First of all thank you Nicholas for agreeing to talk with us. Could you tell us a little bit more about yourself?
I’m in the French department at King’s College London. My interests are fairly eclectic but a lot of my research and teaching are linked to colonial Algeria. I’m particularly interested at the moment in colonial education.
Why do you think that the study of modern languages is so important?
In the press, a lot of the rhetoric about why languages are important (which is tied to rhetoric about how they are at threat), is about gaining competitive advantages in an international marketplace. That’s not the side of language study I’m interested in, and I suspect that rhetoric is counterproductive when it comes to encouraging people to study languages at school.
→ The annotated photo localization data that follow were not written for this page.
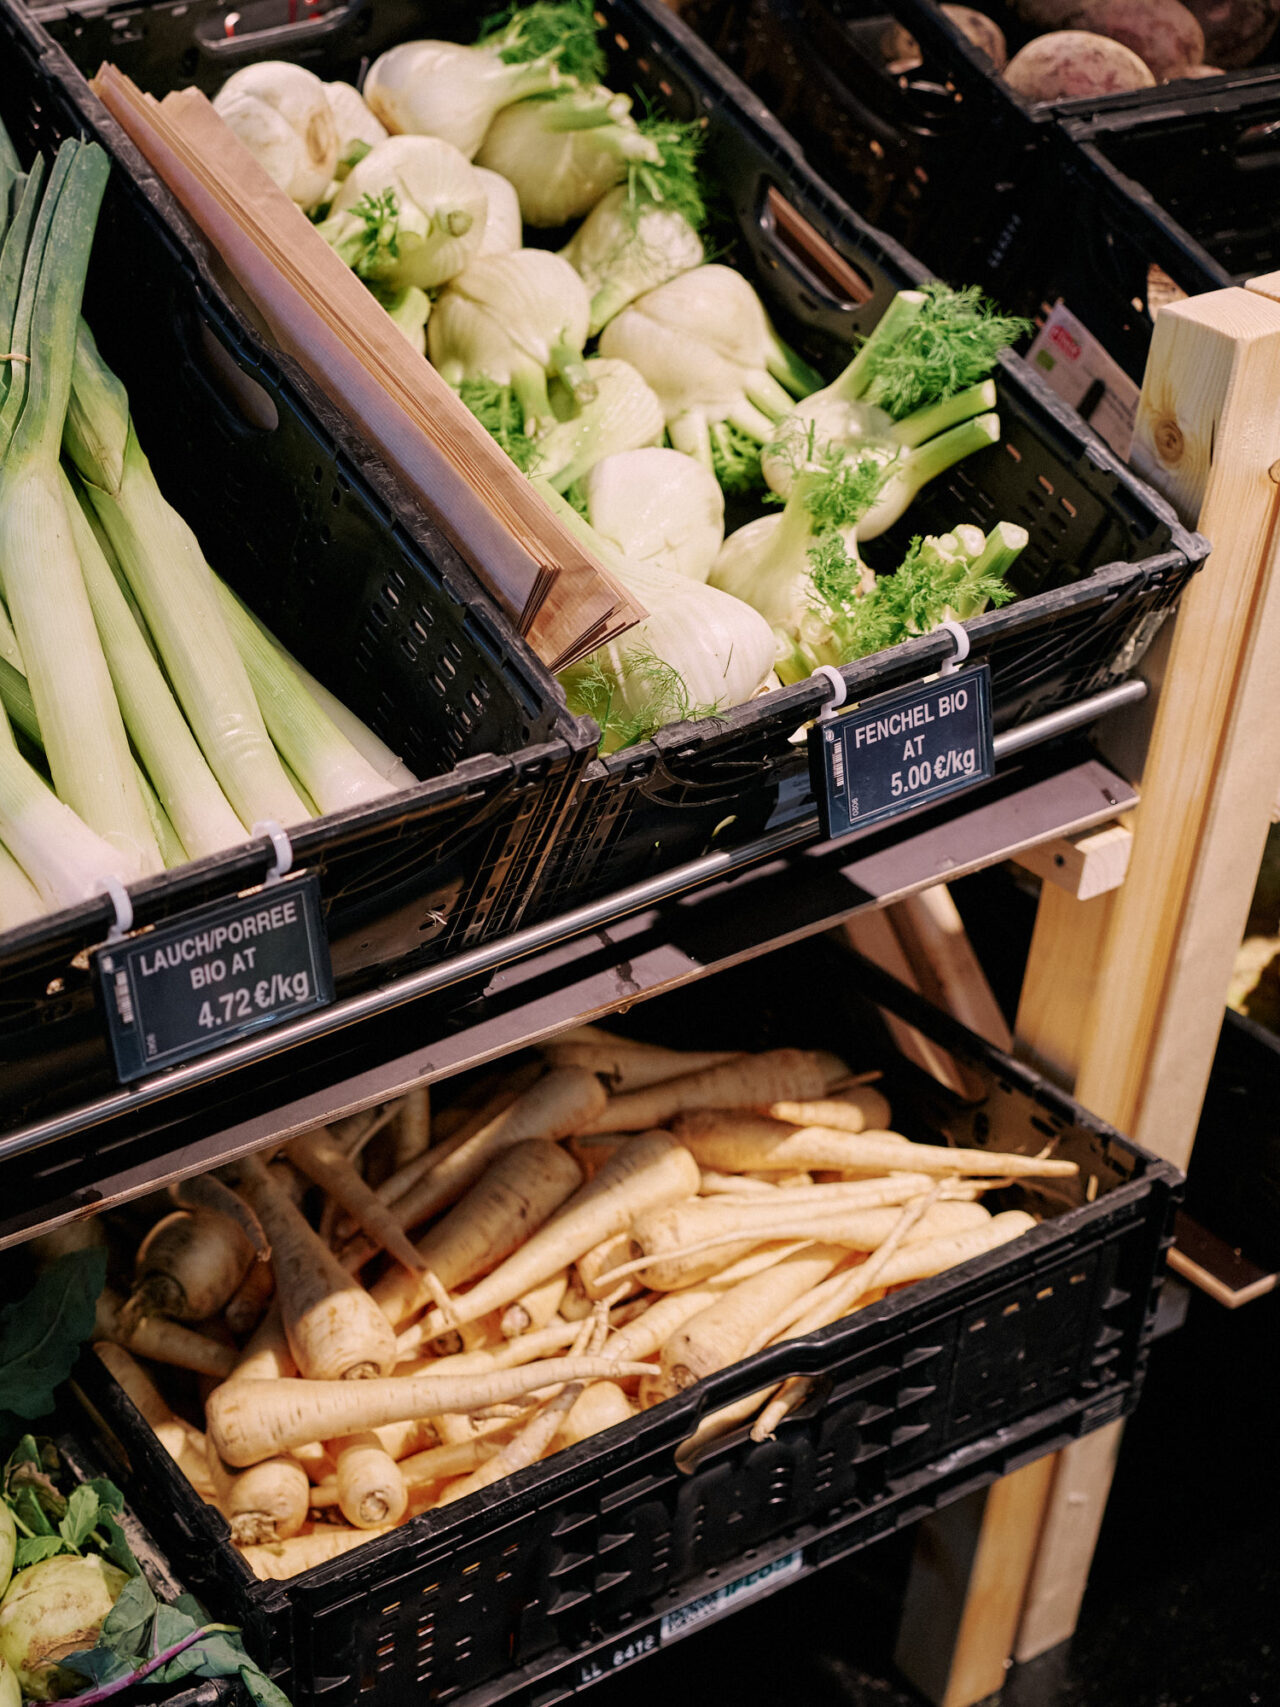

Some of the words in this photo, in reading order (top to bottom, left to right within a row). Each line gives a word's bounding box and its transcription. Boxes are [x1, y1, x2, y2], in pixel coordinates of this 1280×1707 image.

[855, 703, 934, 748] FENCHEL
[938, 689, 968, 718] BIO
[902, 735, 925, 761] AT
[140, 902, 297, 976] LAUCH/PORREE
[190, 961, 226, 990] BIO
[232, 948, 256, 975] AT
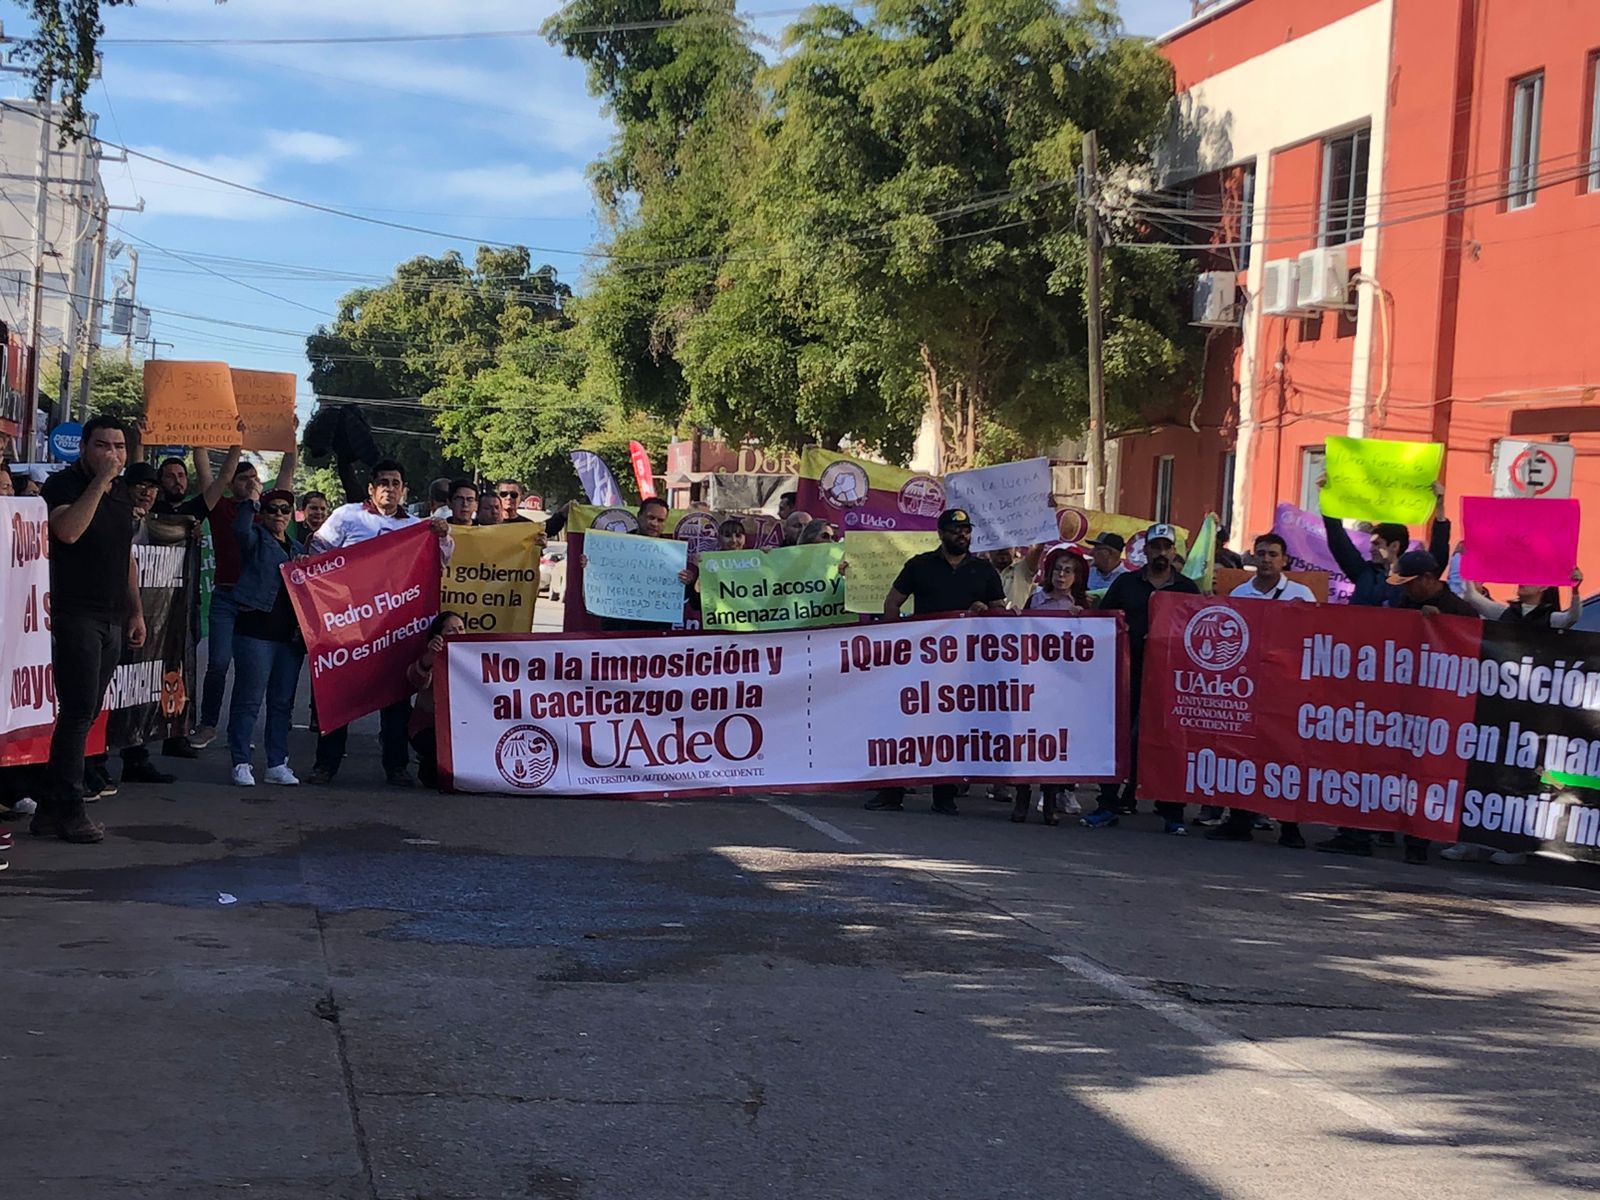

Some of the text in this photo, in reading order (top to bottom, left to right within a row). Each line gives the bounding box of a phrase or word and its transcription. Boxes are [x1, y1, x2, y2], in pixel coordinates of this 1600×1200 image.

[306, 555, 345, 578] UAdeO
[455, 562, 535, 583] gobierno
[600, 556, 667, 570] DESIGNAR
[481, 591, 506, 607] en
[508, 588, 522, 607] la
[719, 578, 841, 599] No al acoso y
[322, 583, 421, 633] Pedro Flores
[706, 607, 790, 625] amenaza
[313, 647, 350, 679] ¡NO
[351, 643, 370, 662] es
[371, 629, 391, 654] mi
[481, 644, 783, 684] No a la imposición y
[839, 631, 1094, 673] ¡Que se respete
[1300, 633, 1350, 681] ¡No
[1357, 644, 1377, 682] a
[1384, 639, 1414, 685] la
[900, 678, 1035, 715] el sentir
[1173, 670, 1254, 698] UAdeO
[493, 681, 763, 720] al cacicazgo en la
[1177, 694, 1248, 711] UNIVERSIDAD
[1180, 716, 1242, 732] OCCIDENTE
[1236, 712, 1252, 722] DE
[575, 713, 764, 769] UAdeO
[867, 728, 1068, 767] mayoritario!
[1298, 700, 1449, 758] cacicazgo
[1456, 721, 1500, 764] en
[1504, 721, 1540, 769] la
[578, 776, 640, 785] UNIVERSIDAD
[698, 771, 711, 779] DE
[712, 768, 765, 778] OCCIDENTE
[1185, 748, 1256, 797] ¡Que
[1263, 762, 1300, 800] se
[1307, 767, 1418, 817] respete
[1423, 779, 1459, 823] el
[1462, 789, 1565, 841] sentir
My interests are more in culture, and the way particular cultures, and world views, are carried in particular languages – which could mean literary language, or film, or French.
You spoke at the IMLR launch under the heading of ‘postcolonialism; translation and the transnational’. Could you tell us a bit more about what you talked about?
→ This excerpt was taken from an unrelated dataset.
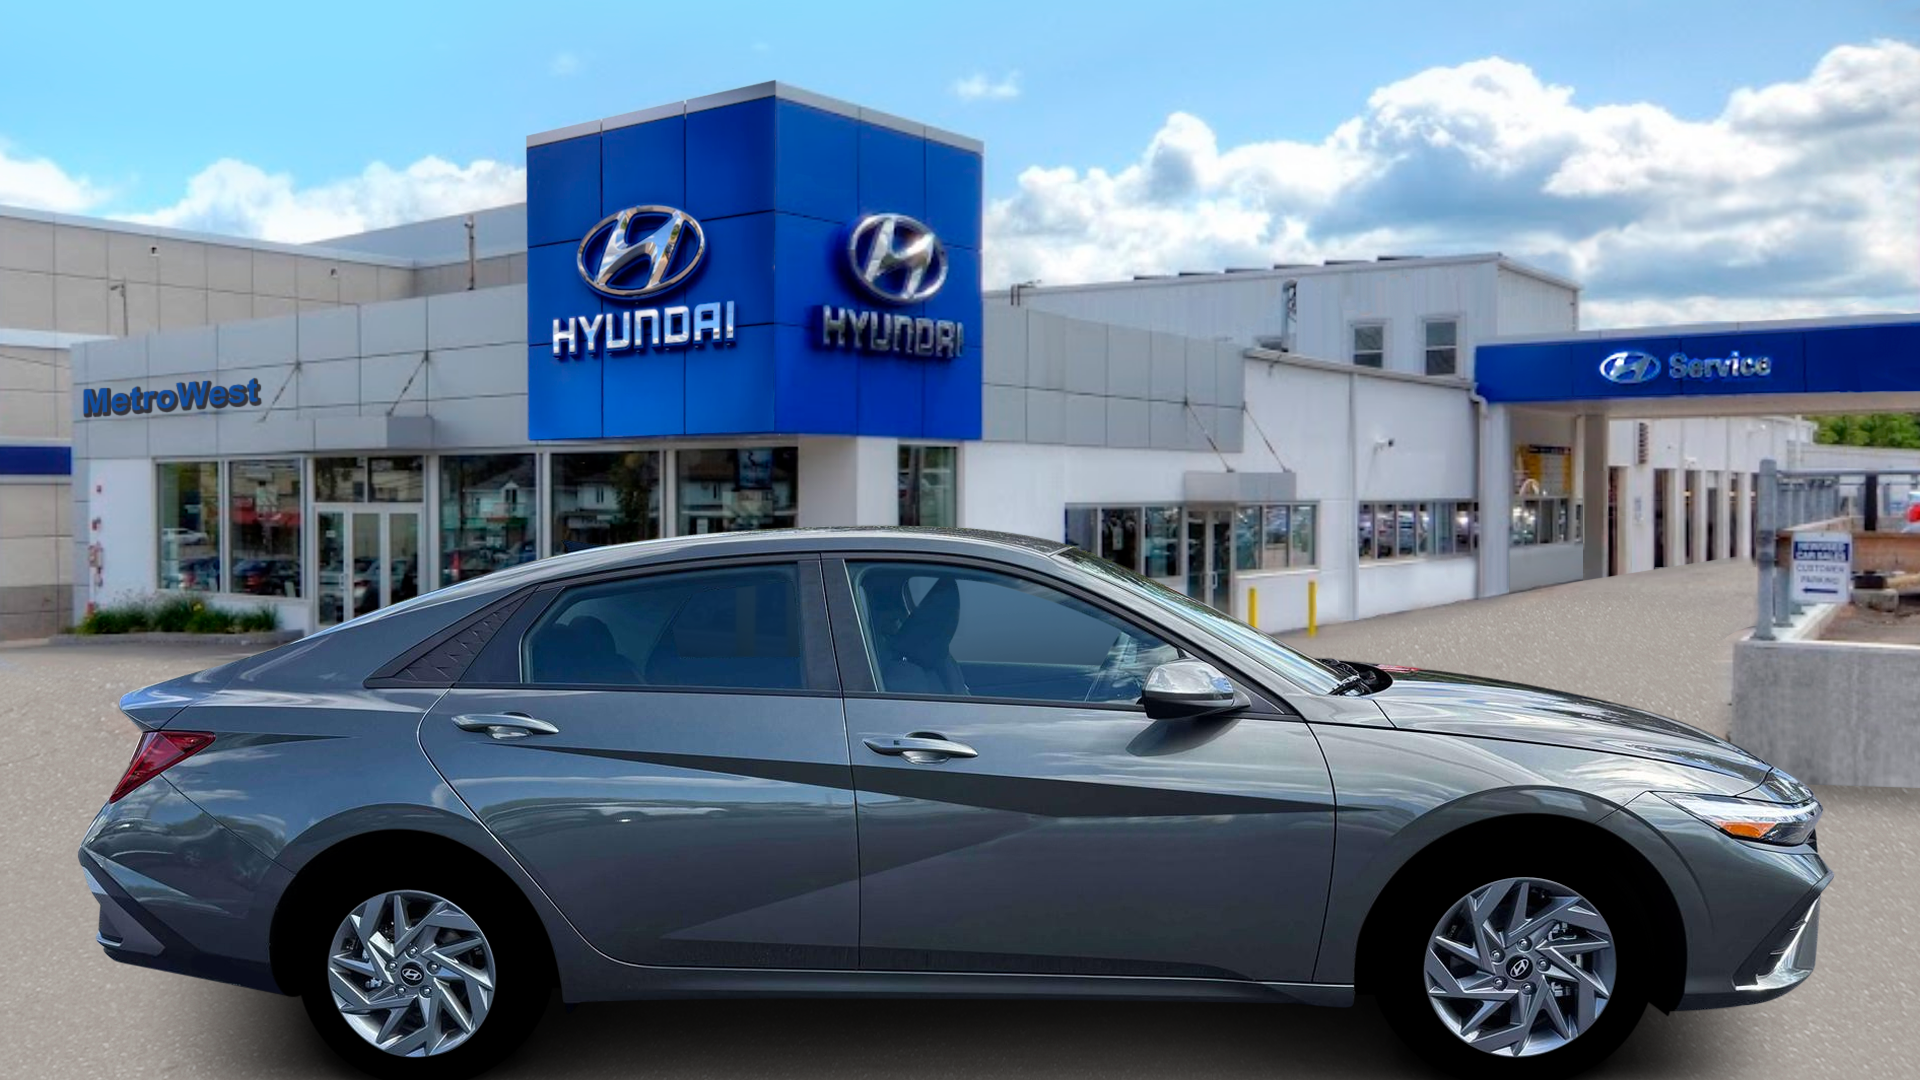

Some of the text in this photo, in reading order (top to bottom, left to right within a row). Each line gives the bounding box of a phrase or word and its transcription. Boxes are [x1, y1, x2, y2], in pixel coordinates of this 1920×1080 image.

[552, 300, 736, 356] HYUNDAI
[822, 304, 965, 358] HYUNDAI
[1669, 350, 1771, 378] Service
[83, 378, 262, 418] MetroWest
I talked about the ways in which something like ‘transnationalism’, or ‘world literature’, as academic categories, create perverse pressures away from language learning. To put it another way, I talked about translation; about the desirability of doing translations, and making things available in translation; and also about the reasons why we may still want to push the idea of reading in the original.
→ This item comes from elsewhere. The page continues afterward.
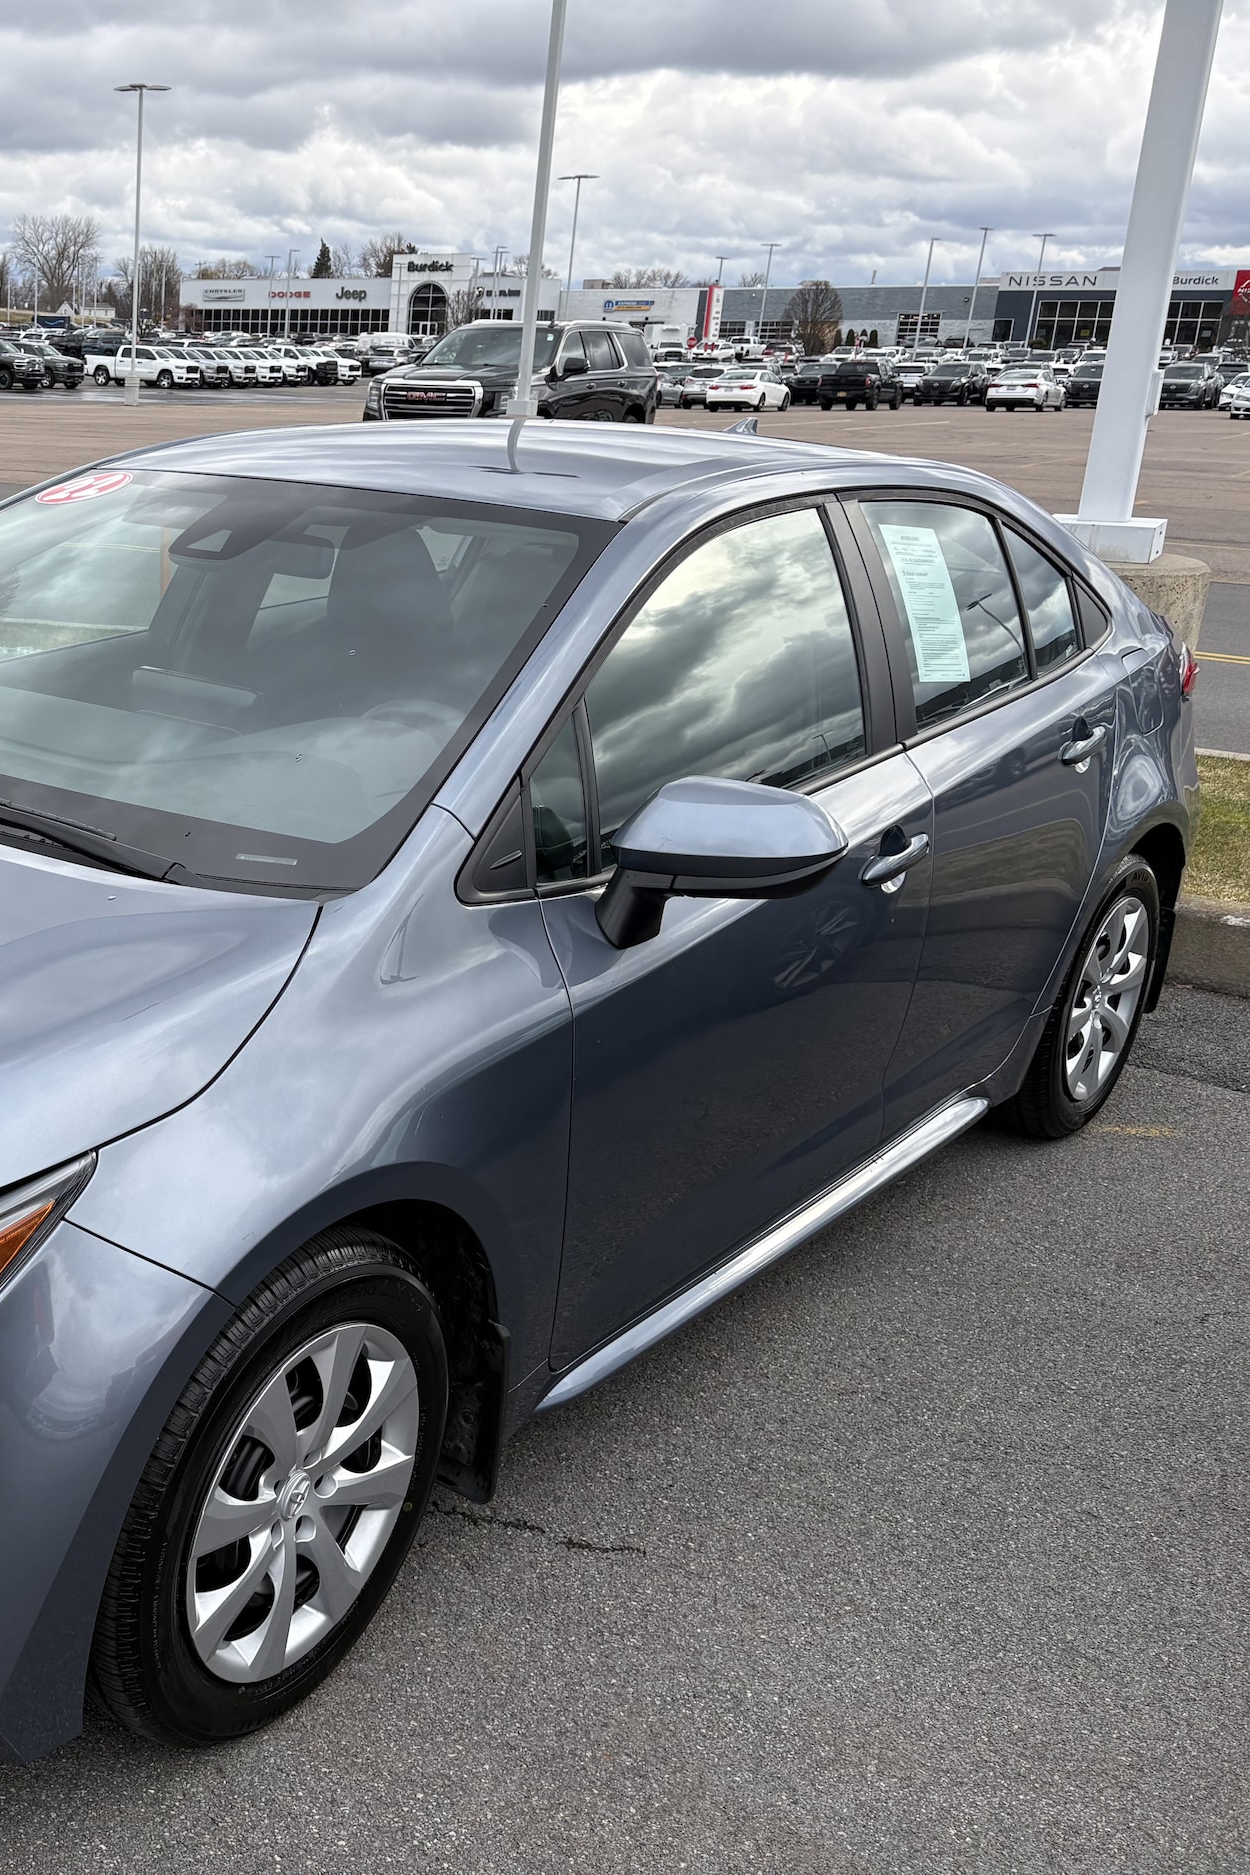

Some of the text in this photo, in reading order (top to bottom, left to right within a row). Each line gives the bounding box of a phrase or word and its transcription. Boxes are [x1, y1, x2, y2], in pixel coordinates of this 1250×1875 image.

Is there anything else you would like to add?
Part of what I want to do is to try out some ideas about why translations should be taken more seriously as a form of research, for example in the context of the REF, or on tenure committees. I’m trying to get a sense of whether there would be support for some kind of campaign on this front.
Previous interviews about the re-launch of the Institute of Modern Languages Research: Paul Julian Smith part 1 and part 2; Charles Forsdick part 1 and part 2.
Nicholas Harrison can be found via his institutional profile page. For more information about the (re)launch of the Institute of Modern Languages Research (IMLR) check out the IMLR website or contact Dr Christopher Barenberg (e-mail: christopher.barenberg@sas.ac.uk; tel.: 020 7862 8738)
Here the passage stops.